Graham County
Graham county is one of the fourteen Arizona counties. Its area is 4,630 square miles and it ranks 12th in size. It is located in the southern and eastern sections of the state, and it joins in a neighborly way with Cochise, on the south; Greenlee county on the west; Pinal and Pima counties to the north, and a portion of Gila county to the east. Of it, the late Will Barnes says in "Arizona Place Names:" "Graham County: In southeastern part of the state, north of Cochise county. Created, 1881, from Pima and Apache counties. First settled, 1874, by members of the California Volunteers, who left the service and went to farming in the Gila Valley. Named from Graham mountains near center of valley. County seat established first at Safford; legislature of 1883 changed it to Solomonsville; in 1915, when Greenlee county was created, it went back to Safford." And in Safford the county seat is today.

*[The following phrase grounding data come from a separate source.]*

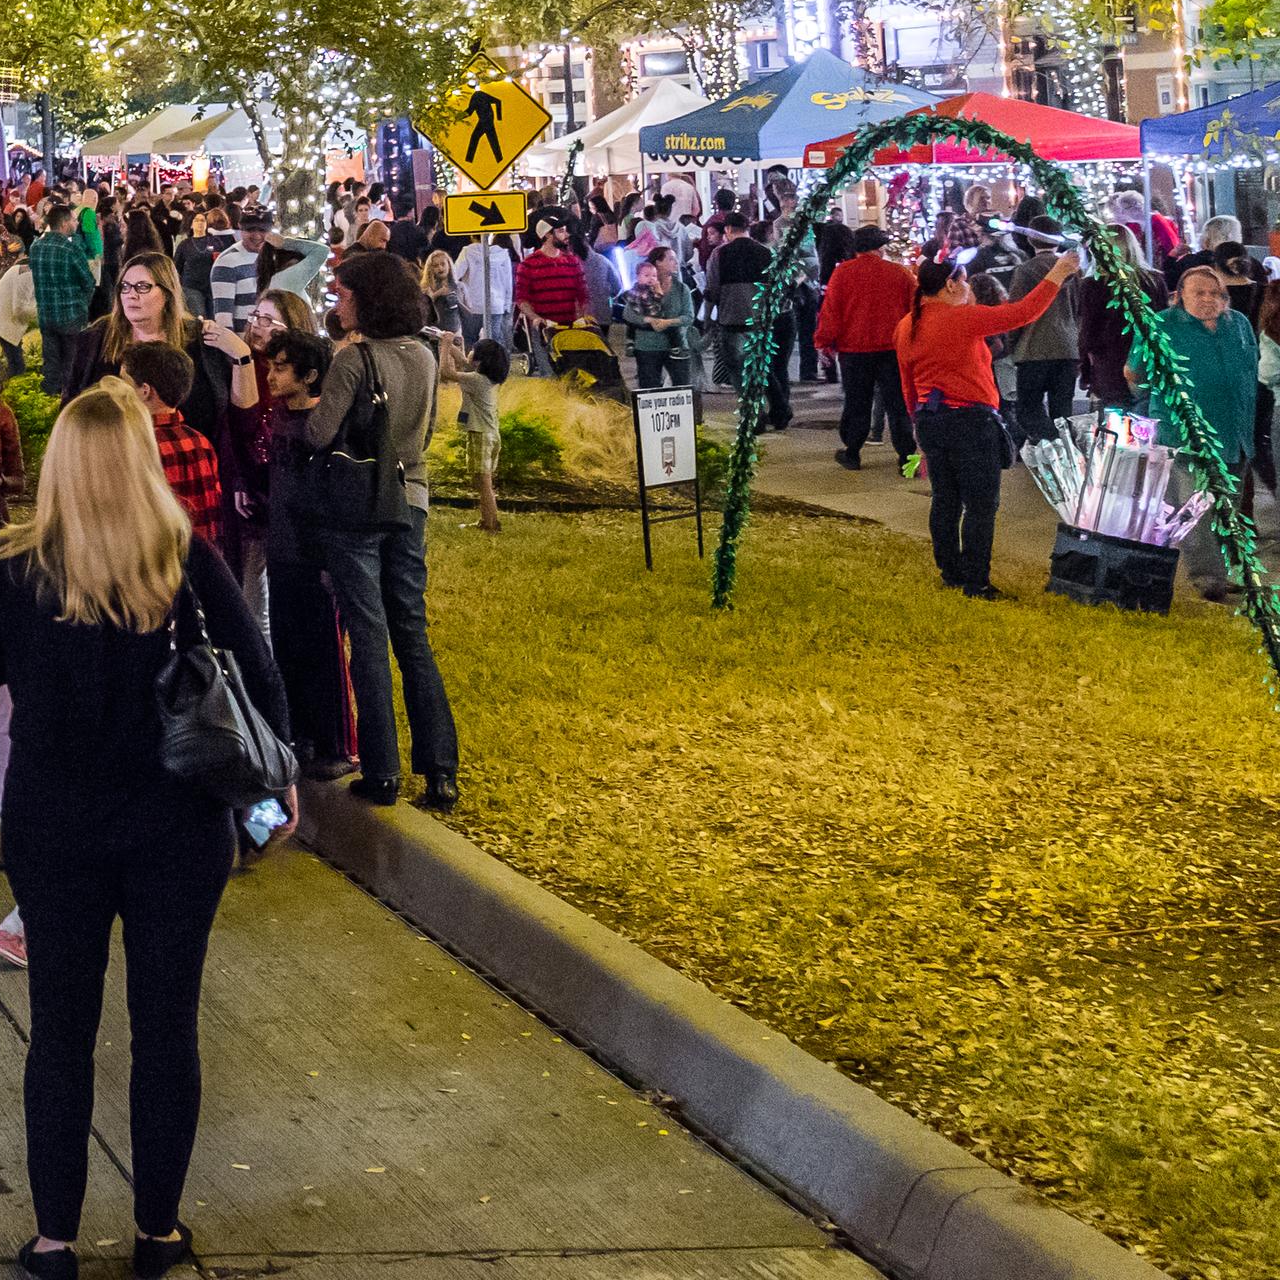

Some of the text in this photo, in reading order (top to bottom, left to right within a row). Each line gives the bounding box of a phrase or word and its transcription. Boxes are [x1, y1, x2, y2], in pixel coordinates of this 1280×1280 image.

[665, 132, 726, 150] strikz.com
[638, 393, 692, 410] Tune your radio to
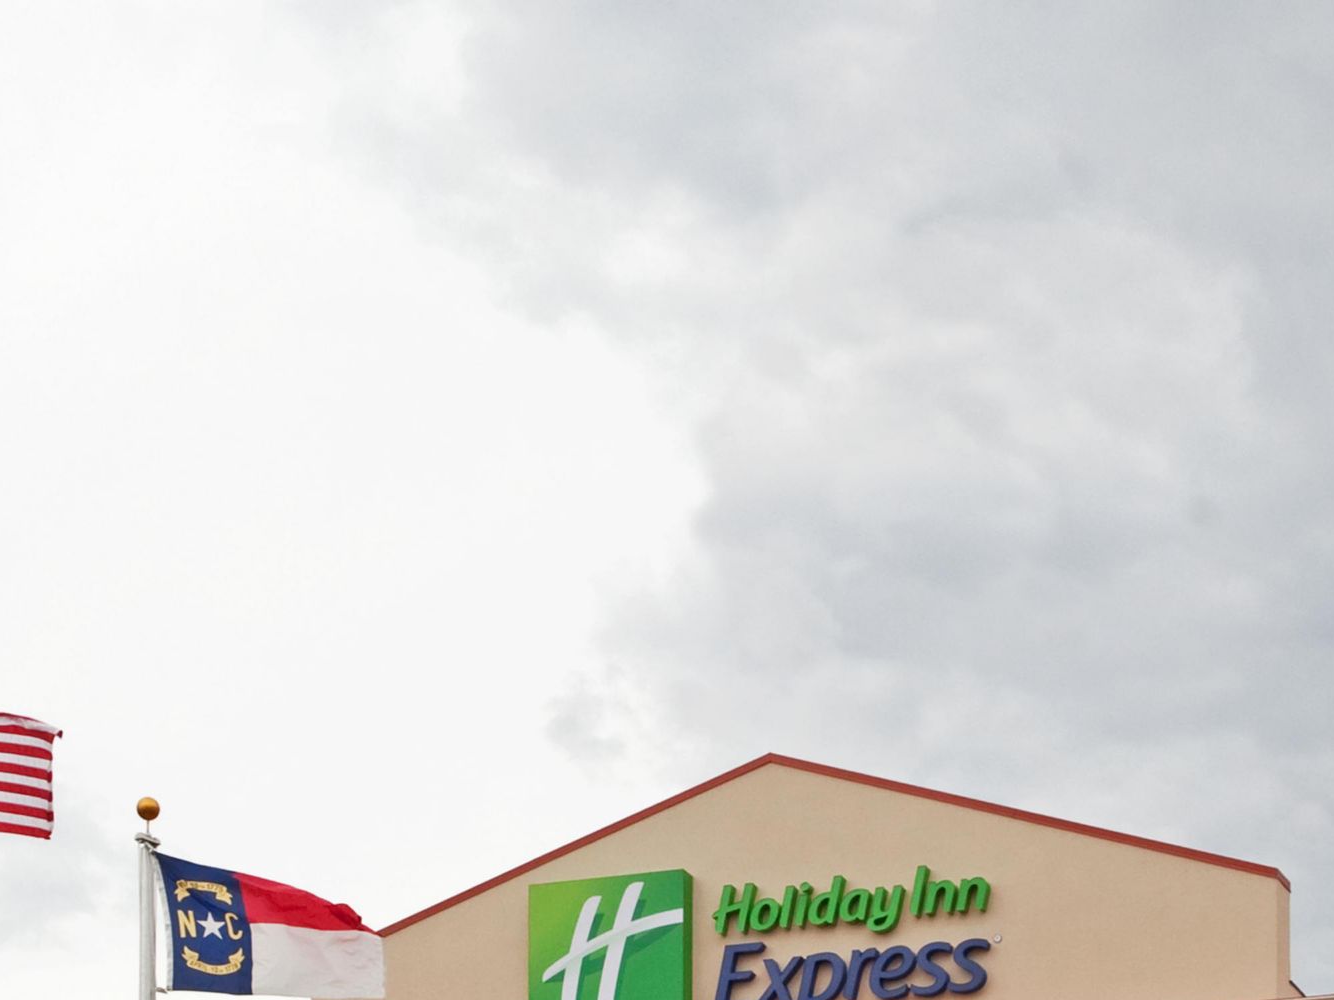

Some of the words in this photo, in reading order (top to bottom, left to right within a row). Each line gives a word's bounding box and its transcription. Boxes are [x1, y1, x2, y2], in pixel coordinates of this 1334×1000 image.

[177, 910, 197, 938] N
[224, 912, 244, 940] C
[712, 875, 906, 936] Holiday
[909, 865, 991, 918] Inn

A great transcontinental highway, U. S. 70, cuts it almost in half. Another federal numbered highway, U. S. 666, drifts into Graham county from Greenlee County and goes southward to the Mexican border through Cochise county.
There are three noticeable mountain ranges in the eastern and central parts of the county: the Santa Teresas, the Galiuros, and the Pinalenos, the latter rising almost in the heart of the Gila valley. Altitudes vary. The county seat, Safford, has an altitude of 2,922 feet in elevation. Mt. Graham, the highest point in the Pinaleno Mountains, rises right out of the valley to a height of 10,516 feet above sea level. The snows lie deep on Mt. Graham during the winter, an advantage to Graham county residents who enjoy winter sports. In the summer Mt. Graham is ideal for summer camping.

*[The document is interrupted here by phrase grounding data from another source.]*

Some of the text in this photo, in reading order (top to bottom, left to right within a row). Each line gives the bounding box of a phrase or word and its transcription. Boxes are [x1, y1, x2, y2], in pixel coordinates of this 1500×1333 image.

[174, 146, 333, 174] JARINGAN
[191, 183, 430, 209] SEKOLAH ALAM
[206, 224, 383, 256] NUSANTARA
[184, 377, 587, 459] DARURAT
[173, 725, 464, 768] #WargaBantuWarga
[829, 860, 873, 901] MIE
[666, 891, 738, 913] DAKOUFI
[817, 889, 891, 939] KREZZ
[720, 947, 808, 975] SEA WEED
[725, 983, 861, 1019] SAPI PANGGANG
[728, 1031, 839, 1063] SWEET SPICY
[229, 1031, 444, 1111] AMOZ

Nature's most important contribution to Graham county has been the Gila river, which flows through the heart of the Gila valley in the center of the county. The Gila rises up in the mountains of New Mexico and comes into Graham county via Duncan in Greenlee county. The Gila forms San Carlos Lake behind Coolidge dam. The water of this lake is used for irrigation in the Casa Grande valley, but before the Gila ever gets to San Carlos Lake it has irrigated a considerable area of farm land from which such communities as Solomonsville, Safford, Thatcher, Central, Geronimo, Hubbard, Pima, Fort Thomas, Eden and Ashurst derive much of their livelihood.

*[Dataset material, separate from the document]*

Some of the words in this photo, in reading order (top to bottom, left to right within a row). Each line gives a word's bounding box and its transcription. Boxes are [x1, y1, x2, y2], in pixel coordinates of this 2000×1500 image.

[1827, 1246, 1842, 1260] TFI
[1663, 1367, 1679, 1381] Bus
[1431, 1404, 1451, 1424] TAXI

There is some mining development and considerable cattle in the county. A large part of the San Carlos Indian Reservation is in Graham county, and a no inconsiderable portion of business of the reservation finds it way into the county.
Safford, the county seat, is one of the friendliest, spick-and-spanniest cities in Arizona. According to McClintock, Safford was first settled by Americans in 1872, although traders and freighters moved through the area before that. The city was named after Territorial Governor Anson Pacely Killen Safford, who was touring Arizona at that time. A postoffice was established at Safford March 5, 1875, with Joshua E. Bailey, one of the founders, Safford's first postmaster. The population of Safford is about 5,000 people. Graham county has much of scenic and historic interest to the traveler and visitor. The "76" ranch at Bonita is a famed guest ranch. The Indian Hot Springs at Eden, perhaps one of the most effective health resorts in the west, is gaining an increasingly larger clientele each year. ... R. C.